Protections against Covid-19 also created additional costs. “We spent huge amounts of money on PPE in the first months, some R60,000 [about $3,800],” said a senior social worker at the Saartjie Bartman Centre. Like others, this shelter also spent precious funds on private car services to reduce staff exposure on public transport. Fundraising events were canceled and at least some shelters decided to stop in-kind deliveries of food and other support that they usually depend on to reduce opportunities for virus transmission. In-person outreach work in communities also stopped, potentially reducing people’s access and knowledge about sheltering.
Covid-19 Impacts on Services for Survivors
Shelter workers said that perhaps the most worrying loss for shelter residents from the pandemic has been job opportunities. “Women can’t find jobs now, some have been with us for six months now and have no follow-up plan because of that,” a KwaZulu-Natal social worker at a shelter said in February. “I refuse to send a client back to an abusive situation.”

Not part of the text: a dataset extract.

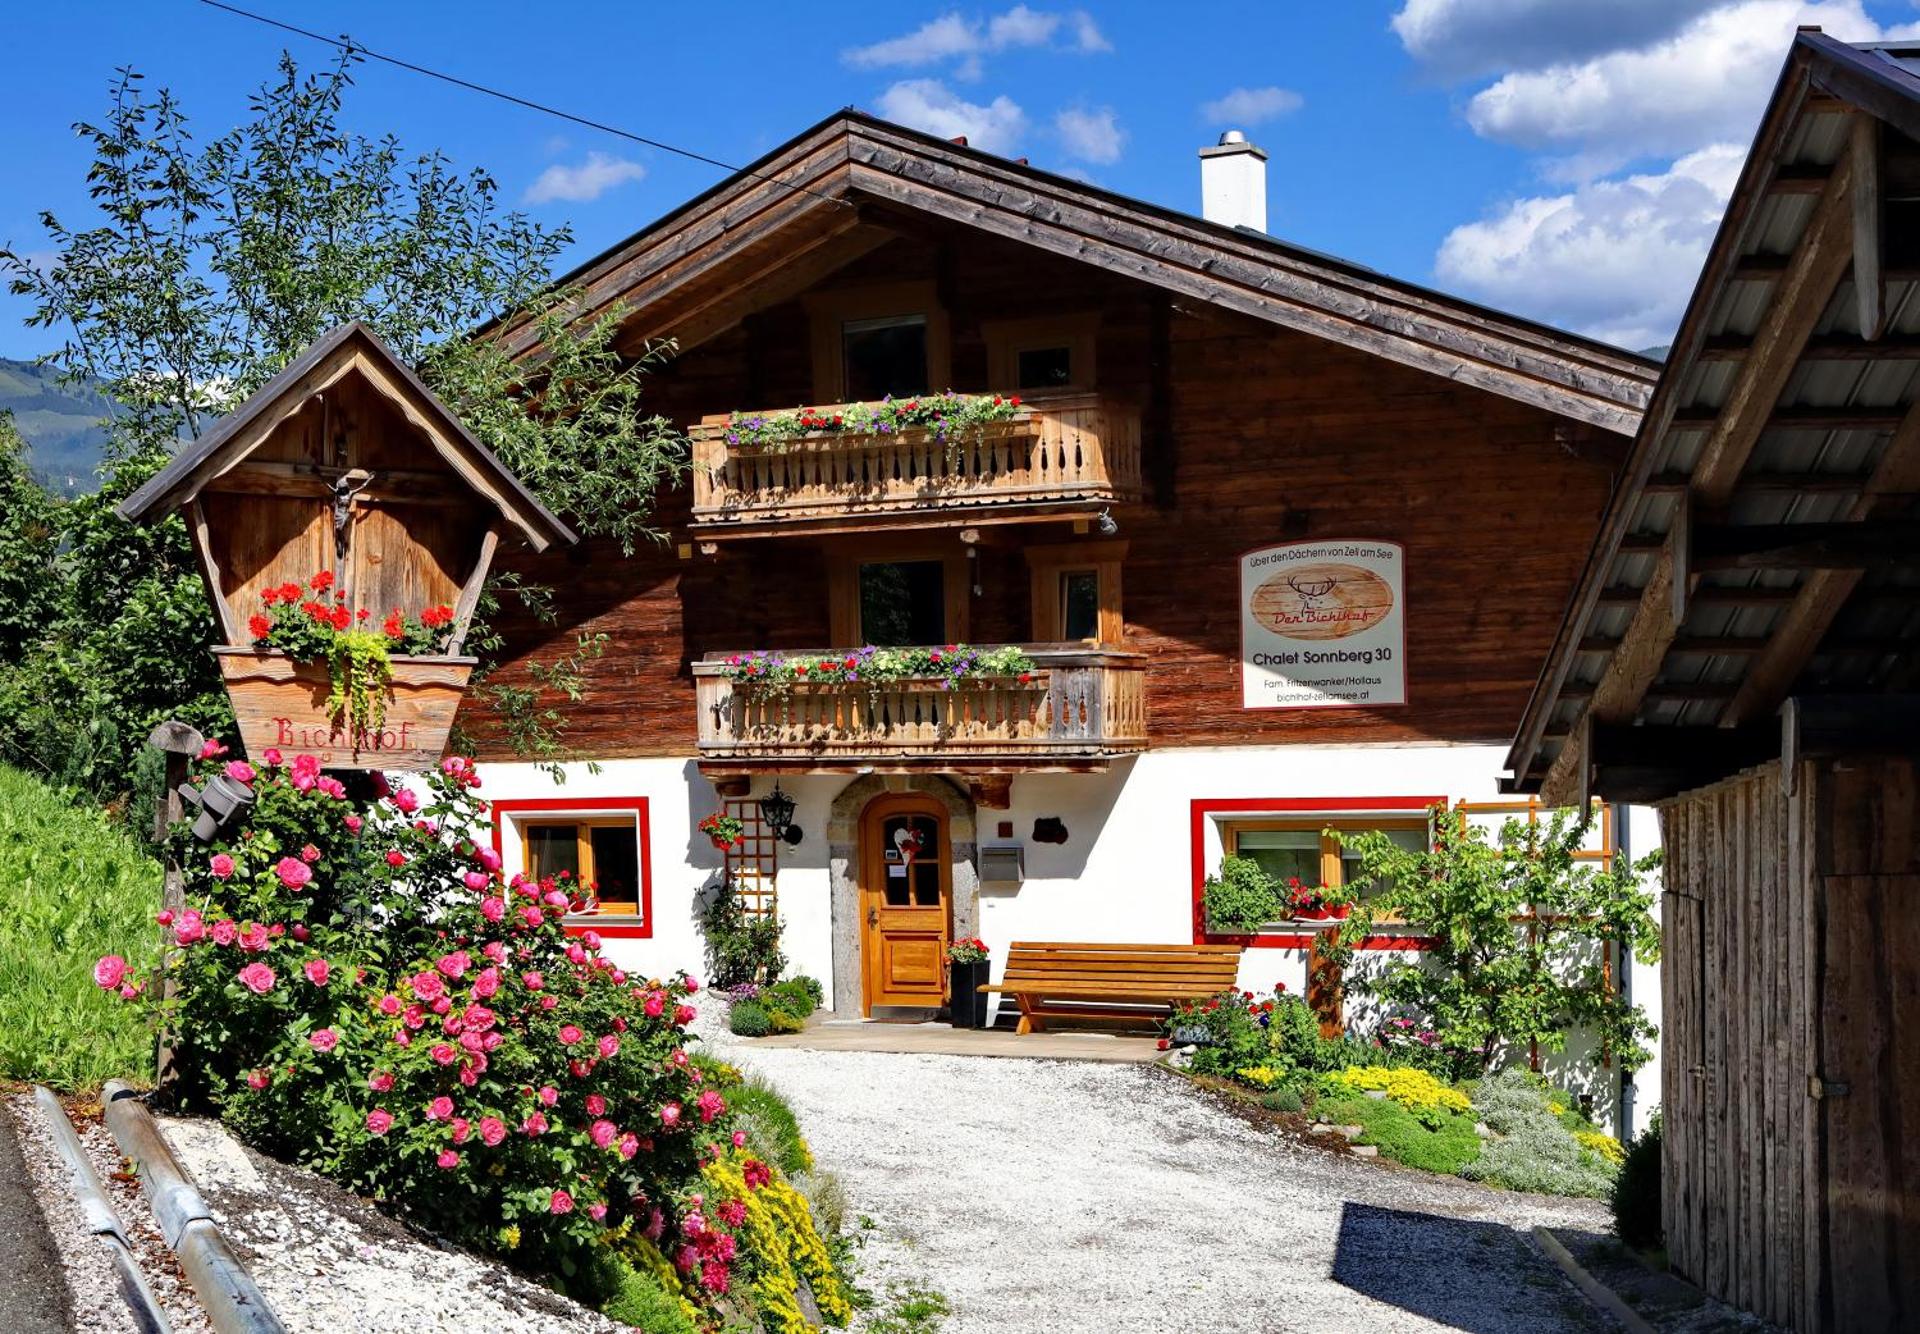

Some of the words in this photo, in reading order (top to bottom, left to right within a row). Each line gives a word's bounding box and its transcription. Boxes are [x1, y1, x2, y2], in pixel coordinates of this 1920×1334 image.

“Our clients have been disappointed,” said a senior social worker from the Sahara Shelter. “A lot come here unemployed, and we try to work as much as possible with local businesses and people who can give our clients jobs, so they have income, but that’s not been possible under Covid-19.” Another social worker said that “We have 15 women [clients] with us now, and only two are employed – it’s terrible.”
Government services were harder to get, including some lifesaving services. “Some government officials were working from home and it was hard to reach them”, a social worker from a shelter in the Eastern Cape Province said. “[This] led to a delay in service delivery to our clients and also added strain on them with regard to their cases. In the beginning of the lockdown, cases were postponed in court and protection orders could not be granted on the date set.”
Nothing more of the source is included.